## THE DATA
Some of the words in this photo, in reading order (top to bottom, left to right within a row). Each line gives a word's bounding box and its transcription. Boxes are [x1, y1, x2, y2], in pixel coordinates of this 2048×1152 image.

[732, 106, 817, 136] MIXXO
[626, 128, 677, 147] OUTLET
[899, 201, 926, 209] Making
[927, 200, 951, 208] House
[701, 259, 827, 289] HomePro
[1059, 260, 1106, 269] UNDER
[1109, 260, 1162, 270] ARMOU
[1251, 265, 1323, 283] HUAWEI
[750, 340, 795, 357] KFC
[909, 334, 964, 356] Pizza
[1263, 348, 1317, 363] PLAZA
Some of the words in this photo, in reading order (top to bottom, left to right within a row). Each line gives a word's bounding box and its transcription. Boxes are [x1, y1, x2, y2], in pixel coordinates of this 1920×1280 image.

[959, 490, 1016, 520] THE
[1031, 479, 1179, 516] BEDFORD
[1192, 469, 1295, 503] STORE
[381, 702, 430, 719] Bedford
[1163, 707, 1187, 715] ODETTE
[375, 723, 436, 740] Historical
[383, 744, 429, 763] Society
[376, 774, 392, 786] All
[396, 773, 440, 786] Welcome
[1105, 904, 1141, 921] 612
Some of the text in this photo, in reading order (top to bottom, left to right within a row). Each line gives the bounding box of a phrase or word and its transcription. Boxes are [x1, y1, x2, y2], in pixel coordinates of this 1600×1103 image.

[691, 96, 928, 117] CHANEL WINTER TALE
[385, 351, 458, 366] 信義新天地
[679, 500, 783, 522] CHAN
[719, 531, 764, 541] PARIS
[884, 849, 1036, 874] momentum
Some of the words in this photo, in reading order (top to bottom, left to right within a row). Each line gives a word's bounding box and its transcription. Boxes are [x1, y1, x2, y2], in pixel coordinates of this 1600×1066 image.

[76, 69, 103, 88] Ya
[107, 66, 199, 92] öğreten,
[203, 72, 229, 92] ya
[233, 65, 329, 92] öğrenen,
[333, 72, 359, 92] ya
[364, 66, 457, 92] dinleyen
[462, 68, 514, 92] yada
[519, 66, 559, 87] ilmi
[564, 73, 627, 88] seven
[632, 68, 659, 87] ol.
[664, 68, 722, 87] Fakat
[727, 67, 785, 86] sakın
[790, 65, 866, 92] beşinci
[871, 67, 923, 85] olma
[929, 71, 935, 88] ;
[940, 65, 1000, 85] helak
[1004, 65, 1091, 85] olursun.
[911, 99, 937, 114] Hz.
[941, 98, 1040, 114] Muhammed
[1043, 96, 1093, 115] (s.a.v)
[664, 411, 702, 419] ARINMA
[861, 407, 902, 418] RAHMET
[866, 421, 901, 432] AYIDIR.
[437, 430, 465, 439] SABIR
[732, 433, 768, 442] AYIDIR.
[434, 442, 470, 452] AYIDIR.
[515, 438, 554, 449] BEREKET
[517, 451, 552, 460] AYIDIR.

## TASK OBJECTIVE
The answer must be the full listing, repeated exactly.

## RESPONSE TO THIS EXERCISE
Some of the words in this photo, in reading order (top to bottom, left to right within a row). Each line gives a word's bounding box and its transcription. Boxes are [x1, y1, x2, y2], in pixel coordinates of this 2048×1152 image.

[732, 106, 817, 136] MIXXO
[626, 128, 677, 147] OUTLET
[899, 201, 926, 209] Making
[927, 200, 951, 208] House
[701, 259, 827, 289] HomePro
[1059, 260, 1106, 269] UNDER
[1109, 260, 1162, 270] ARMOU
[1251, 265, 1323, 283] HUAWEI
[750, 340, 795, 357] KFC
[909, 334, 964, 356] Pizza
[1263, 348, 1317, 363] PLAZA
Some of the words in this photo, in reading order (top to bottom, left to right within a row). Each line gives a word's bounding box and its transcription. Boxes are [x1, y1, x2, y2], in pixel coordinates of this 1920×1280 image.

[959, 490, 1016, 520] THE
[1031, 479, 1179, 516] BEDFORD
[1192, 469, 1295, 503] STORE
[381, 702, 430, 719] Bedford
[1163, 707, 1187, 715] ODETTE
[375, 723, 436, 740] Historical
[383, 744, 429, 763] Society
[376, 774, 392, 786] All
[396, 773, 440, 786] Welcome
[1105, 904, 1141, 921] 612
Some of the text in this photo, in reading order (top to bottom, left to right within a row). Each line gives the bounding box of a phrase or word and its transcription. Boxes are [x1, y1, x2, y2], in pixel coordinates of this 1600×1103 image.

[691, 96, 928, 117] CHANEL WINTER TALE
[385, 351, 458, 366] 信義新天地
[679, 500, 783, 522] CHAN
[719, 531, 764, 541] PARIS
[884, 849, 1036, 874] momentum
Some of the words in this photo, in reading order (top to bottom, left to right within a row). Each line gives a word's bounding box and its transcription. Boxes are [x1, y1, x2, y2], in pixel coordinates of this 1600×1066 image.

[76, 69, 103, 88] Ya
[107, 66, 199, 92] öğreten,
[203, 72, 229, 92] ya
[233, 65, 329, 92] öğrenen,
[333, 72, 359, 92] ya
[364, 66, 457, 92] dinleyen
[462, 68, 514, 92] yada
[519, 66, 559, 87] ilmi
[564, 73, 627, 88] seven
[632, 68, 659, 87] ol.
[664, 68, 722, 87] Fakat
[727, 67, 785, 86] sakın
[790, 65, 866, 92] beşinci
[871, 67, 923, 85] olma
[929, 71, 935, 88] ;
[940, 65, 1000, 85] helak
[1004, 65, 1091, 85] olursun.
[911, 99, 937, 114] Hz.
[941, 98, 1040, 114] Muhammed
[1043, 96, 1093, 115] (s.a.v)
[664, 411, 702, 419] ARINMA
[861, 407, 902, 418] RAHMET
[866, 421, 901, 432] AYIDIR.
[437, 430, 465, 439] SABIR
[732, 433, 768, 442] AYIDIR.
[434, 442, 470, 452] AYIDIR.
[515, 438, 554, 449] BEREKET
[517, 451, 552, 460] AYIDIR.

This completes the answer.